Beijing’s proposal to help the country’s troubled real estate sector has spurred a second day of gains in Chinese property shares.
Chinese property developer Sunac was downgraded on Thursday. However, the industry’s share prices surged again in Hong Kong and China following Vice Premier Liu He’s call for government intervention in the sector on Wednesday.
Evergrande’s near-collapse shows that China’s Communist Party leadership is growing concerned about the country’s property sector and economy, according to Liu.
By Hong Kong’s lunchtime on Thursday, Hang Seng mainland properties had risen 14.8%, while the broader Hang Seng index had up 5.8%. On Wednesday, the sub-index had already surged by 14.7% on the previous day.
Also, after being battered for months, the technology sector’s stocks are showing signs of recovery. On Wednesday, Hong Kong’s Hang Seng tech index surged 22 percent, although it has lost half of its value since 2013.

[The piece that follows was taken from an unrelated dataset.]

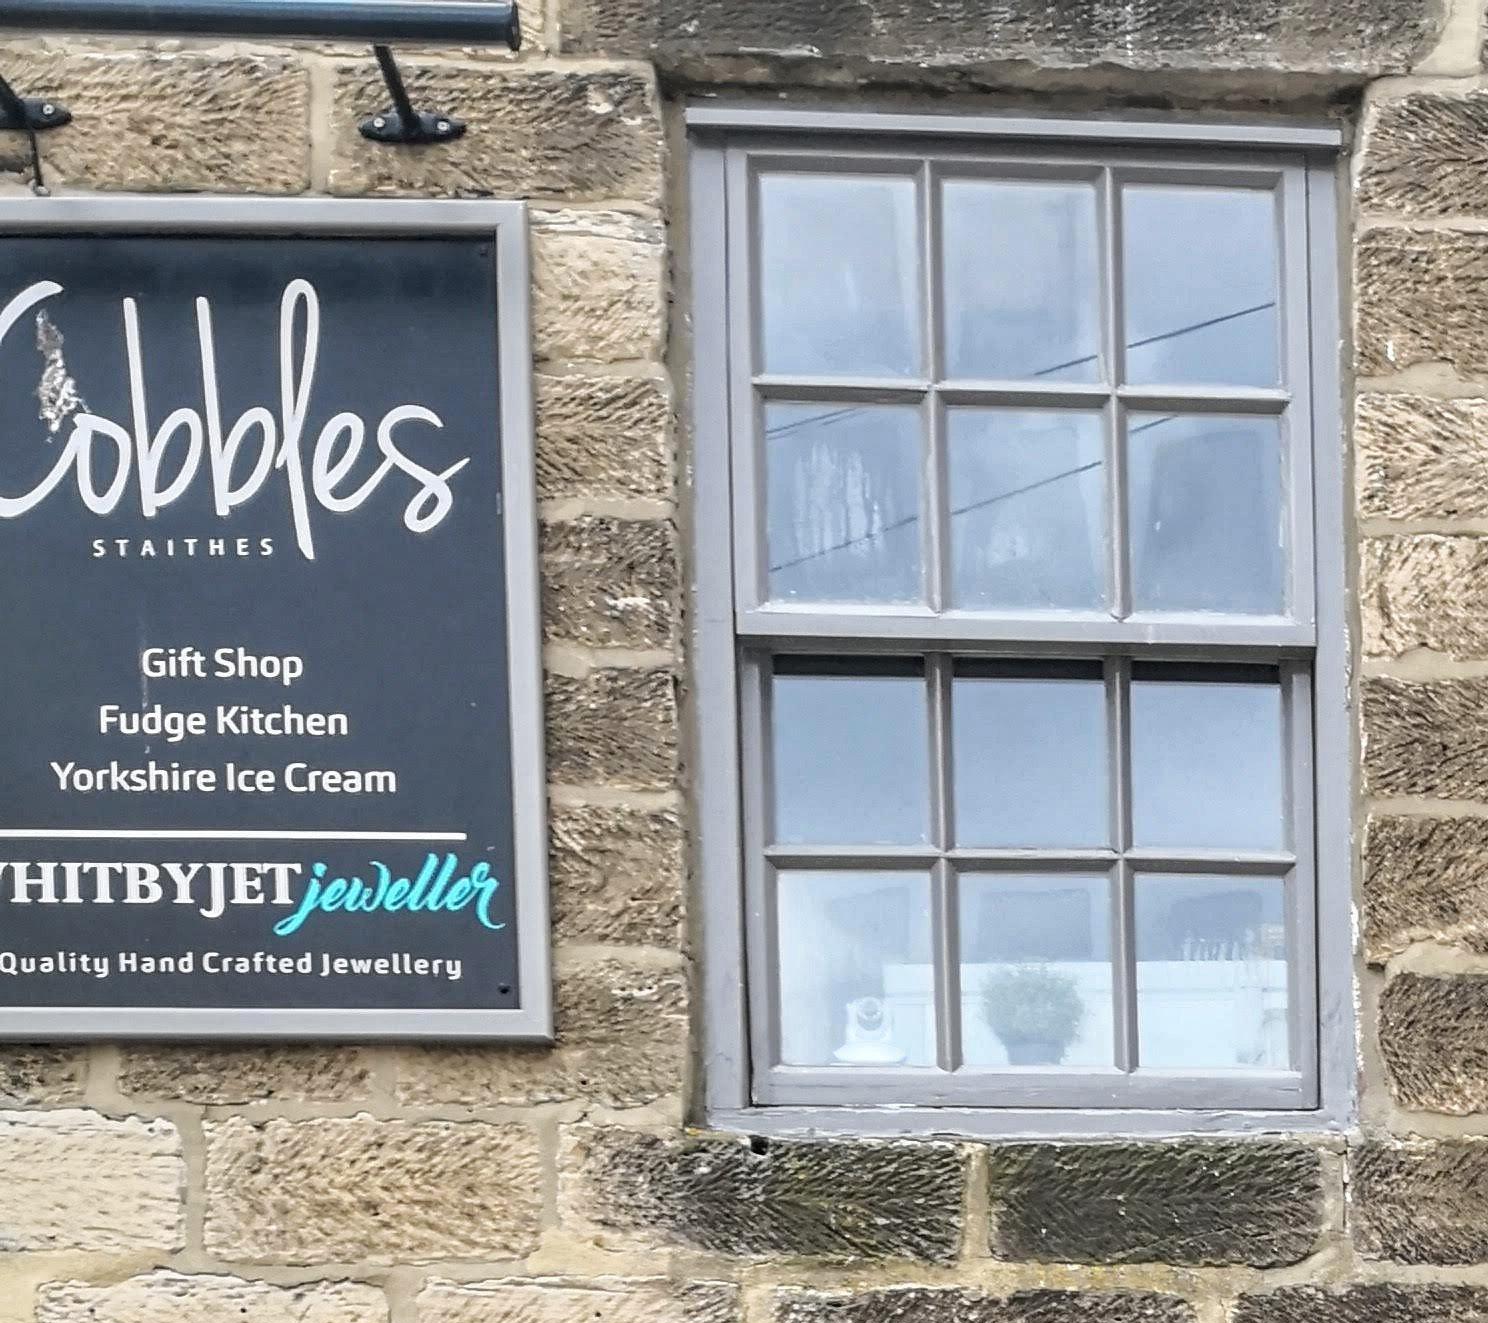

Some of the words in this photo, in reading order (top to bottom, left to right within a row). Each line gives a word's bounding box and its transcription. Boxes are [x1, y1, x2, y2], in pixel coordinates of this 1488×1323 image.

Despite this, some investors think that China’s largest developers will continue to struggle and that the property market’s recent gains may not be sustainable.
On Thursday, credit rating agency S&P downgraded Sunac China, China’s third-largest property developer by sales, to a B- rating because of fears that it could not meet its almost $4 billion in debt payments this year. This would make it more difficult to borrow money.
Meanwhile, S&P analysts have reduced Sunac China’s liquidity rating to “poor” until they receive more information on the company’s refinancing plans.
According to their report, this will lead to a significant level of refinancing risk and an insufficient amount of cash for Sunac China Holdings Ltd. There is a fast-dwindling sense of trust in the market.”
Sunac’s Hong Kong stock was up 60% on Thursday afternoon, despite this negative assessment. Two other notable developers, Country Garden and Evergrande were also in the black by more than 20%.
As a consequence of Beijing’s efforts to reduce high debt levels, several big developers have experienced a liquidity problem and the cancellation of projects in the real estate sector, an important growth engine.
The banking and insurance regulator declared that it would stabilize land and housing prices, reform the real estate industry, and promote purchase loans for developers to acquire distressed assets after Liu’s remark.
State-run Reports from China’s state-run Xinhua news agency later said that the country had postponed testing the property tax this year.
Beijing’s uneasiness was clear in Liu’s efforts to stabilize the markets, according to Sinocism weekly author Bill Bishop.
Liu “I would be hesitant in concluding that this messaging indicates that the difficult days are over,” he added.
They’re attempting to convey a message that they don’t want markets to fall any lower, but “is it not evident this is a real shift or more of a calibration to stabilize things?” they ask.